To remain leaders in addressing some of the world's most pressing scientific issues, there is urgent need to redress the rapid attrition of STEM-interested students from STEM majors. One promising solution to this problem, is teaching excellence.
Research in my lab on this topic focuses on: 1) quantitatively describing learning in and attrition from STEM degrees in higher education, with the express intent of 2) understanding what instructors can do to move toward teaching excellence in their classes.
A current project expands on our recent meta-analysis to explore the course features and instructor behaviors that promote learning and persistence in STEM classes. While we know that active learning can promote learning and retention, active learning alone is not enough - some instructors who use active learning achieve teaching excellence and some instructors do not. An active project in my group is identifying course features and instructor behaviors that promote learning and retention. Additionally, we are creating user-friendly data processing and interpretation tools so that instructors can implement meaningful change in their class - now.
A critical approach to achieving teaching excellence is continually reflecting on one's teaching practice and student outcomes. Data-informed reflection is one mechanism to facilitate this goal. However, data on student outcomes and affect can be hard to access, process, and visualize in ways that make patterns clear. To address this need, we work to develop tools that allow users to visualize student outcomes in their class.
You can access one such tool here.
Also see publications and inquire about ongoing projects in this area.
I am interested in the best way(s) to teach biology to undergraduate students.

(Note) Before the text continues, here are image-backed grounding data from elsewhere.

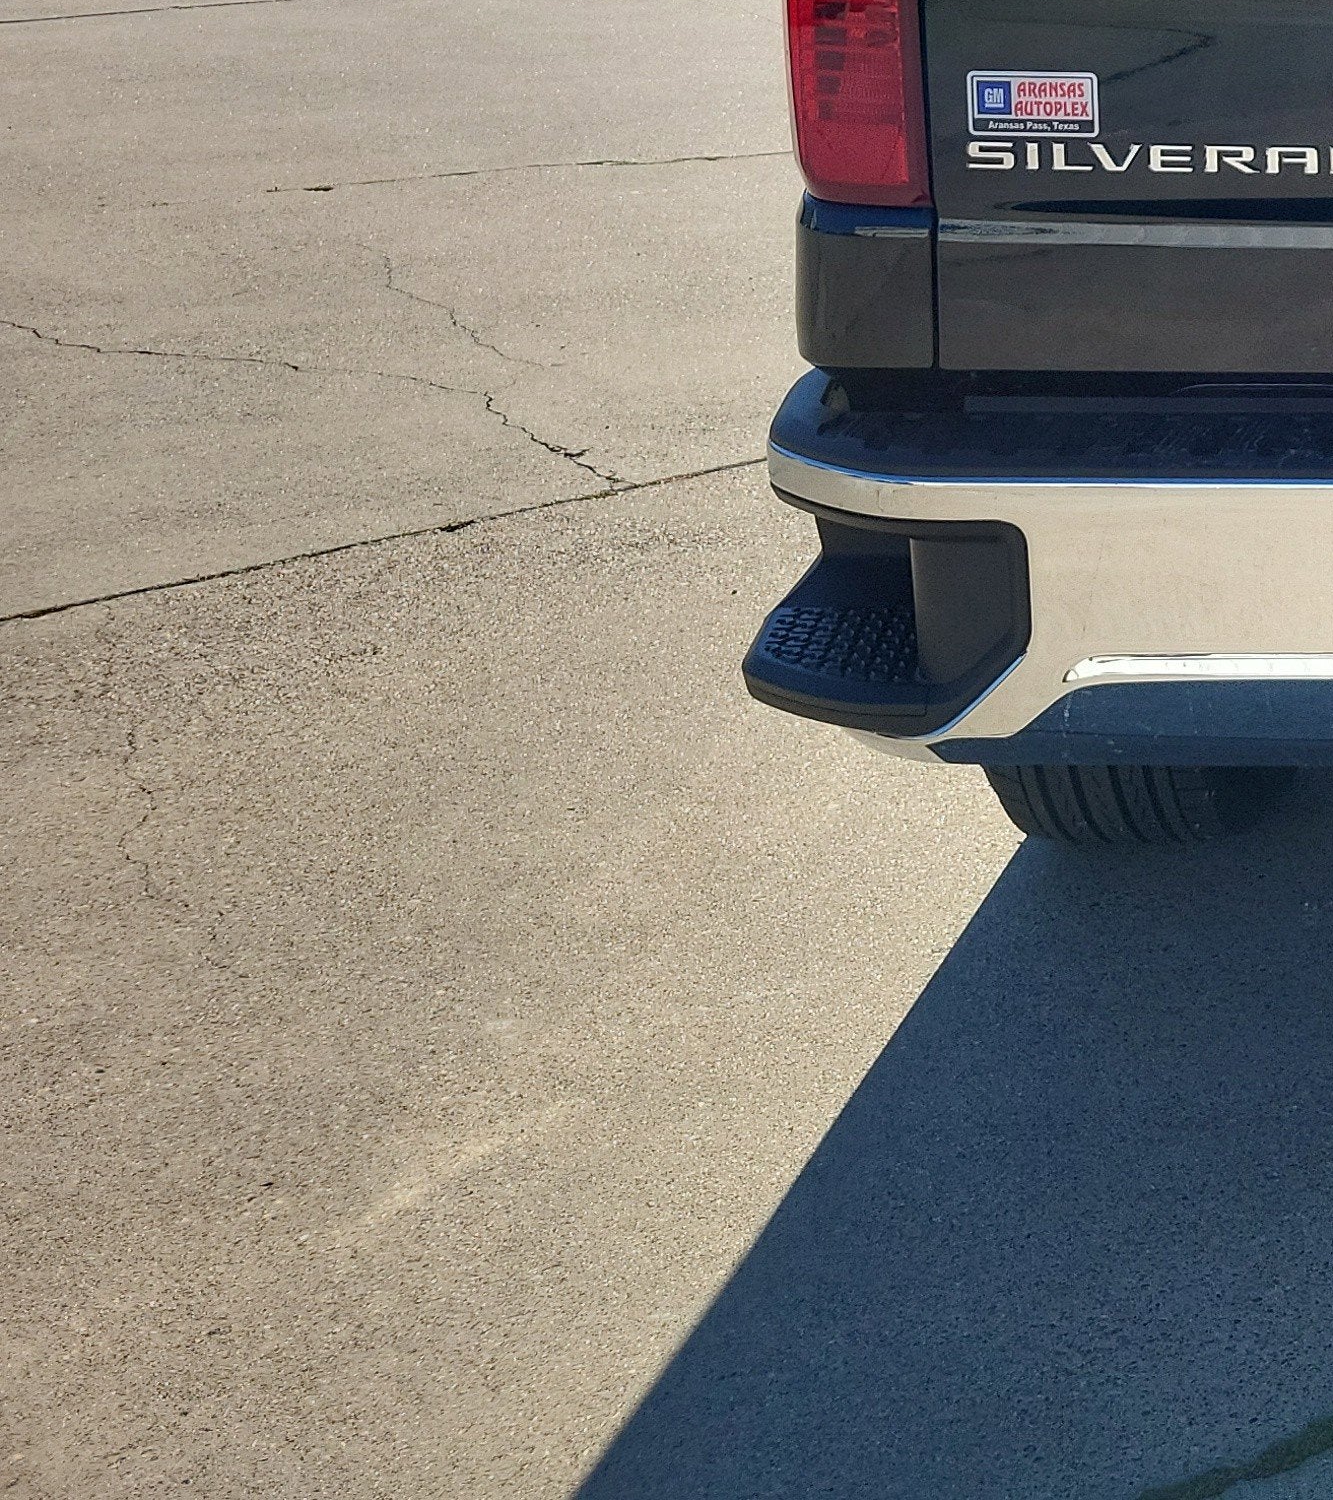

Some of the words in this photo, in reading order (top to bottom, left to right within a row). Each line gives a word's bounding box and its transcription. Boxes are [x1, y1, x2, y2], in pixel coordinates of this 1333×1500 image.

[984, 87, 1004, 104] GM
[1016, 81, 1085, 99] ARANSAS
[1014, 100, 1090, 117] AUTOPLEX
[988, 120, 1024, 130] Aransas
[1026, 121, 1051, 132] Pass,
[1053, 121, 1080, 131] Texas

Problems such as how to teaching science in an engaging way, how to teach about pressing issues, or the intersection of quantitative reasoning in biology classrooms, remain broad interests of mine.

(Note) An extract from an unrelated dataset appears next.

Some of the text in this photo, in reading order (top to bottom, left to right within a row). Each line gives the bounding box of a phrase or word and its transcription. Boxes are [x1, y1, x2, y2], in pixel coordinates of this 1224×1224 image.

Check out our systematic review of introductory biology textbooks, showing that the social context of biology is largely lacking from common instructional materials. Ack!

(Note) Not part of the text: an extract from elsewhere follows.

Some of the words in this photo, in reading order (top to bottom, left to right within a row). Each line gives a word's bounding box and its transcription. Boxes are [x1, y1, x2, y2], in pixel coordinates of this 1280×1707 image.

In a different project, we asked if students learn more from working through local or global examples of biological phenomena. You can read the results in the paper. (Spoiler: women learn more if they study local examples!)
Another project investigated group dynamics and how a dominator in small groups hinders student performance. That paper was featured in the media!
- In the Chronicle of Higher Education
- On the STEM prof listserve (parent website here)
- In the University of Washington news
Competition can be motivating for some students and menacing for others. But what is competition exactly? How does competition motivate some and menace others? How does competition play out in different STEM disciplines? This is an important line of inquiry that we are pursuing actively.
Students are working in informal groups to complete an active-learning exercise in Biol 180. Class enrollment: ~850-students
Students work together on an in-class module.
Photo credit: Alison Crowe
Community-driven science (CS) is a growing movement that enlists the general public in scientific research. But does CS operate at scales (both temporal and spatial) sufficient to address pressing global issues? And to what extent is CS integrated into academic science?
My interest in Community-driven science started as a graduate student as I helped create MeadoWatch, a program at Mount Rainier designed to monitor wildflower phenology. In addition to helping create a project, I also helped conduct a large-scale systematic review of the extent and efficacy of Biodiversity CS worldwide. You can find our publications here. This work was also cited in a White House memo (found here) and on Huffington Post (found here)!
I continue to be interested in CS and more broadly in informal education as a way of making science joyous and accessible to all people. I have collaborations in these areas, including with the USE CitSci Network.
I am no longer leading research in this area, though ecological interactions and ecology generally are important parts of by identity as a scientist. Prospective students in who are interested in ecology should reach out other faculty in the department of biology (but keep me in mind as a committee member).
I trained as an ecologist and as such, my research focused on plant and pollinator communities. You can read about this work in my publications!
This work has been featured in the media! - During National Science Foundation's pollinator week June 21, 2018- On KING5 news, the local TV news station on November 6, 2017- In the University of Washington news on November 7, 2017- On the front page of the Seattle Times on August 20, 2012 - In the Tacoma News Tribune on December 21, 2014- In a video about People of Rainier on November 1, 2016
Twice, pictures I have taken were selected as cover images in association with my publications:
- November 2017 issue of Ecology.
- February 2016 issue of American Journal of Botany.